RCE: You are a classicist, philosopher, and political theorist. How did you get interested in civic thought and civil discourse?

Atkins: At Duke, I’ve taught courses on democratic institutions and core values, such as liberty and equality, in programs that fostered community among people who disagreed by engaging with outside speakers from across the political spectrum. It’s been wonderful to see that my students regularly include leaders of conservative and liberal campus groups. Through this experience, I became convinced that the best way to teach important political and moral topics is to expose students to a wide range of viewpoints and to build a classroom culture that enables students to disagree with one another in a spirit of intellectual friendship. Over the years, I have been encouraged in this work by an intellectually and politically diverse group of colleagues committed to the same type of education.

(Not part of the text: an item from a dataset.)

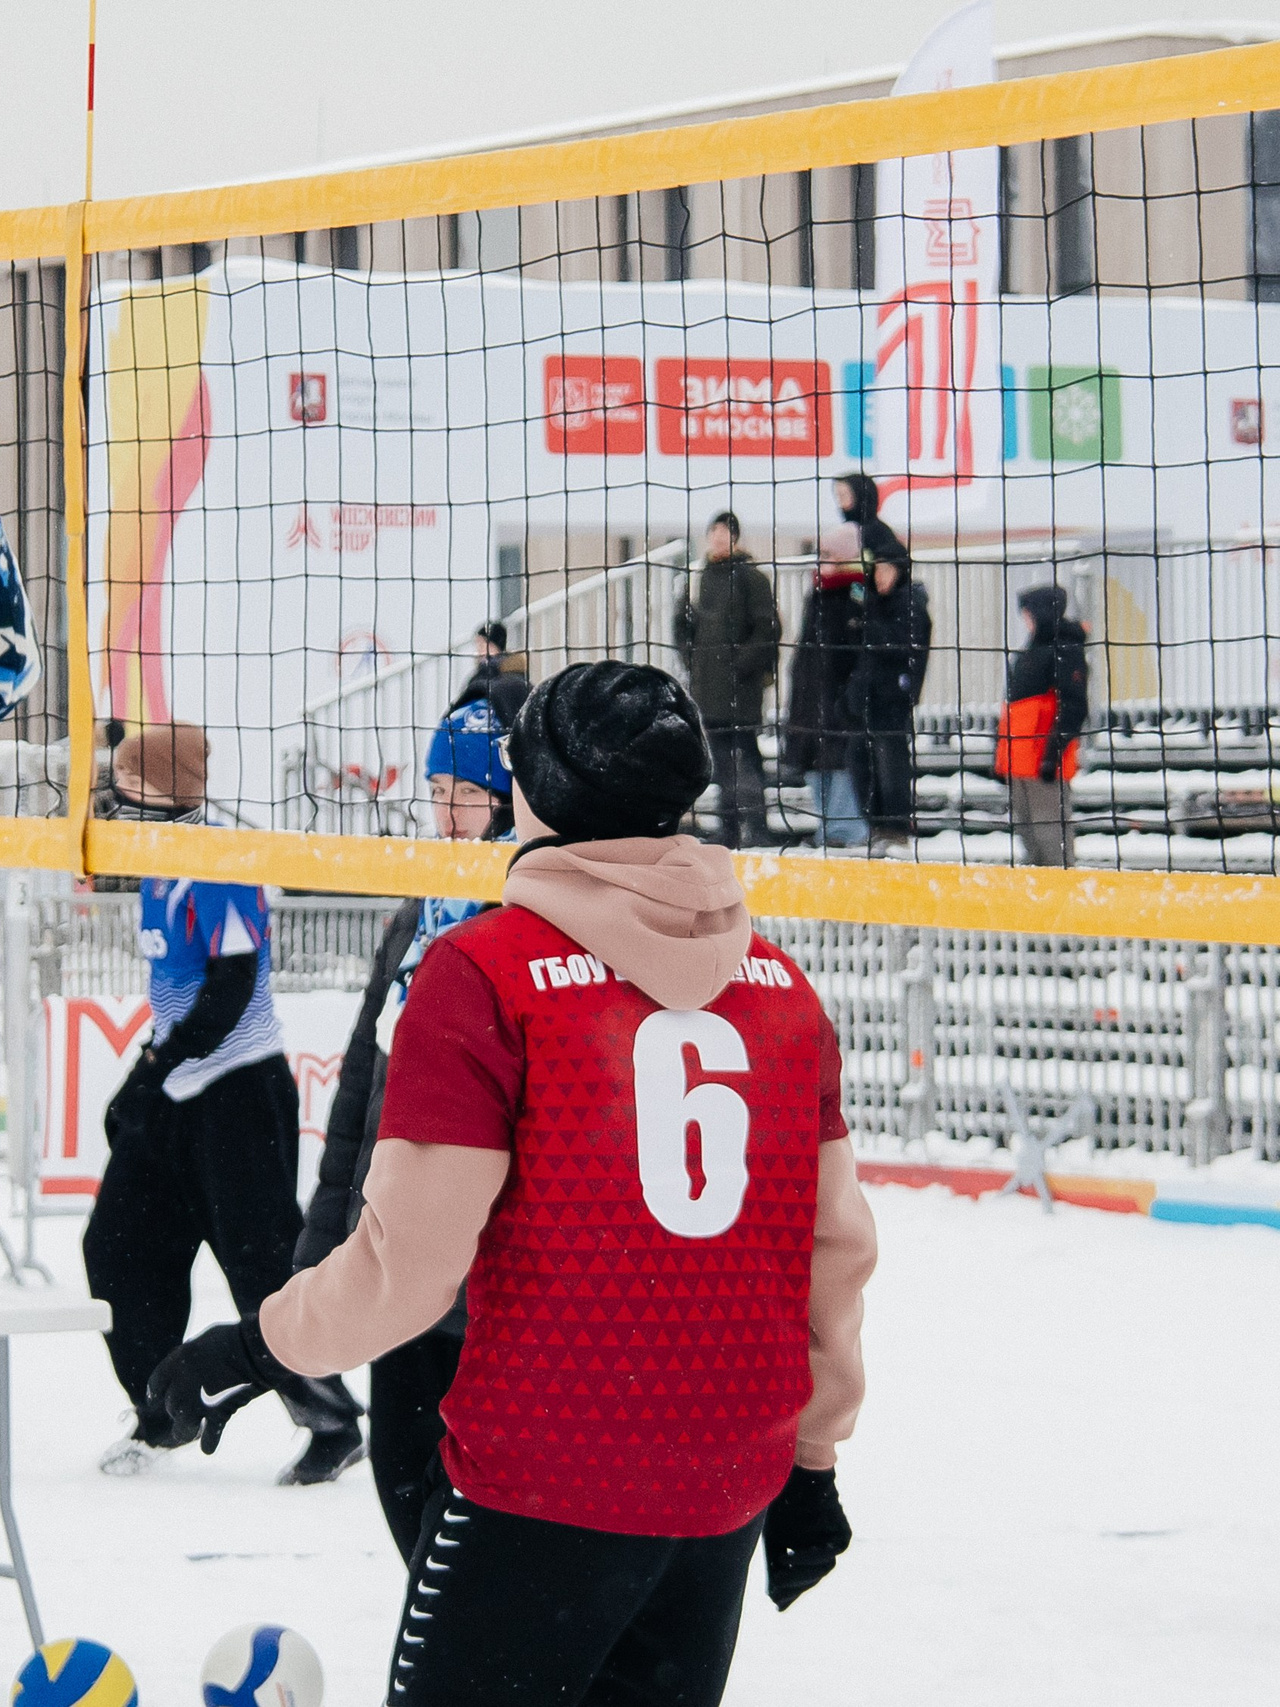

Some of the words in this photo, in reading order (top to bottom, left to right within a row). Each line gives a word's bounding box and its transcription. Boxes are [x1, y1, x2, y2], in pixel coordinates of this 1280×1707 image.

[680, 374, 807, 416] ЗИМА
[703, 416, 809, 441] МОСКВЕ
[633, 1008, 751, 1238] 6

Why is civic thought and civil discourse important now?

Around 2015, I noticed that students were increasingly self-censoring and struggling to discuss topics such as Plato’s Republic, the American Founding, and the civil rights movement. Such subjects invite deep questions about liberty, equality, justice, the human condition, and the good political community. This enquiry is good for its own sake. But it also builds the capacity among students to deliberate well about important political questions with those who disagree. At a time in which America is polarizing faster than any other major democracy, we need classes that prepare students to have meaningful conversations across difference and to deliberate well about important political matters. The future of our democracy depends upon it.

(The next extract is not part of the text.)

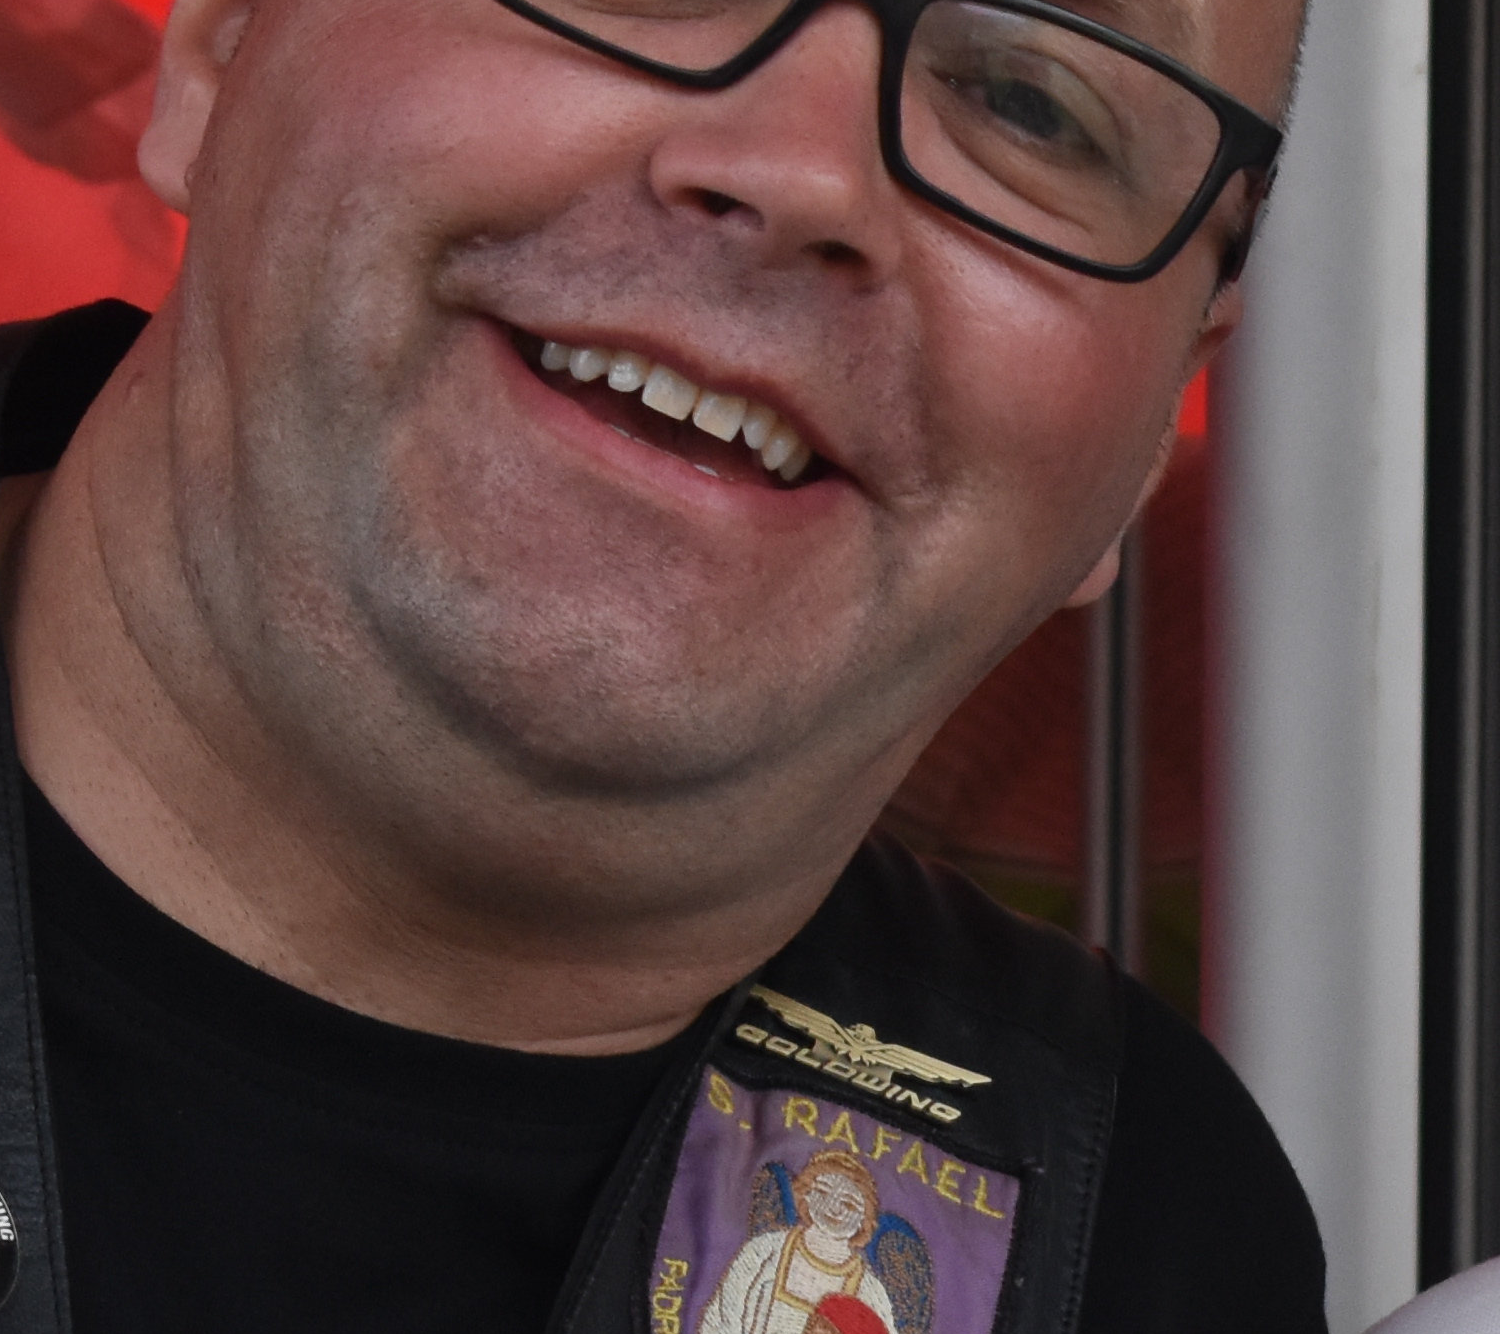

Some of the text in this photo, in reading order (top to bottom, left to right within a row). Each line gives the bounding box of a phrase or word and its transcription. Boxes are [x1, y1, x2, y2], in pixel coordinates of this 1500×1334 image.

You lead a nationally known Program at Duke, the Civil Discourse Project. Tell us about your work there.

The Civil Discourse Project (CDP) aims to create a free-speech culture that enables members of the Duke community to disagree better. We achieve this work through courses and public dialogues. Thanks to the generous support of the Arthur Vining Davis Foundations, we also have begun teaching faculty from other universities how to design courses promoting civil discourse. Attendees have diverse political perspectives and come from a wide range of educational institutions—Ivy League schools, state universities, religious schools, liberal arts colleges, and community colleges. My team at Duke has also launched a Civic Life and Thought Initiative. We professors can sometimes forget how important residential life is for college students’ growth and development. In our “civil discourse dorm,” we connect the values of the classroom with conversations in the residence hall. Student leaders model charity, active listening, and intellectual humility to younger students as they lead discussions of weighty topics like the existence of God or the role of merit in a good society. Students and faculty collaborate on lectures and panel discussions to create conversations that otherwise wouldn’t happen at Duke.

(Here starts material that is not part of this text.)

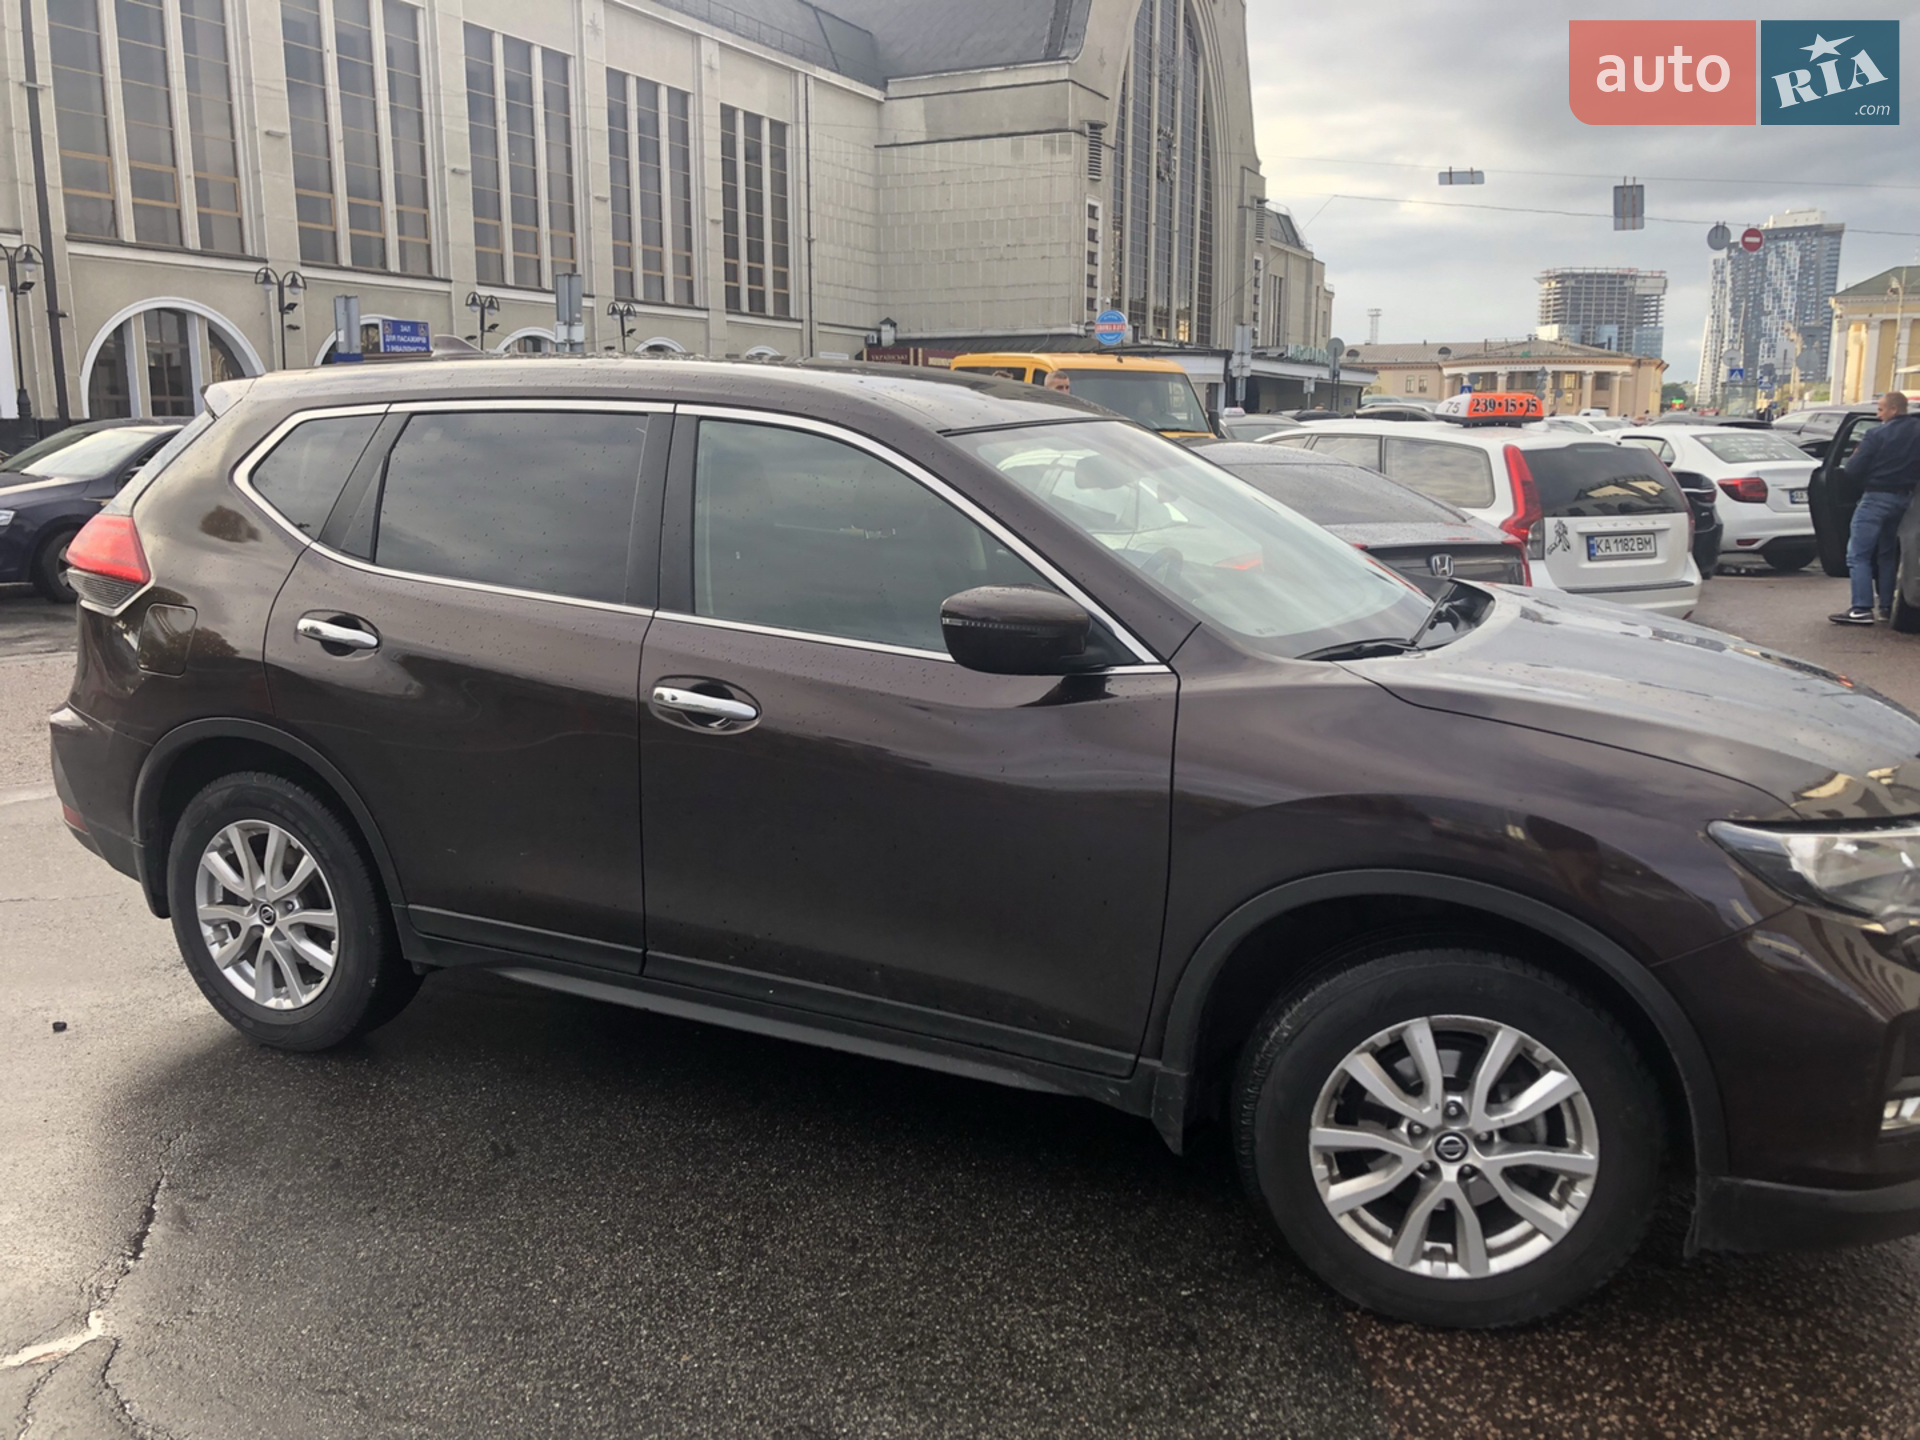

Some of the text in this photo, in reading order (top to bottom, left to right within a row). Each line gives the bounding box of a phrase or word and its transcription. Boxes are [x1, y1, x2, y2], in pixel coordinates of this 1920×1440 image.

[385, 334, 427, 343] ДЛЯ ПАСАЖИРІВ
[1445, 401, 1461, 414] 75

How did you get interested in applying for this position to lead SCiLL?

As you know, Carolina and Duke are close, within 8 miles of one another. I’ve enjoyed collaborating in different capacities over the past four years with colleagues at UNC who have been busy building a wonderful program teaching students to have civil conversations across difference. We’ve shared speakers and ideas, and even linked up for faculty training. When it came time for UNC to launch this new School of Civic Life and Leadership, they reached out to me for feedback as they articulated their vision. As my team’s work at Duke has become more widely known, I’ve enjoyed comparing notes and consulting with faculty leaders from peer institutions, from Stanford to MIT, who are tackling the same set of challenges. I became convinced I wanted to focus on this work full-time. The SCiLL Dean position offered a compelling opportunity to do so while serving North Carolina, my adopted home state. I was deeply gratified when UNC’s faculty chose me for this job.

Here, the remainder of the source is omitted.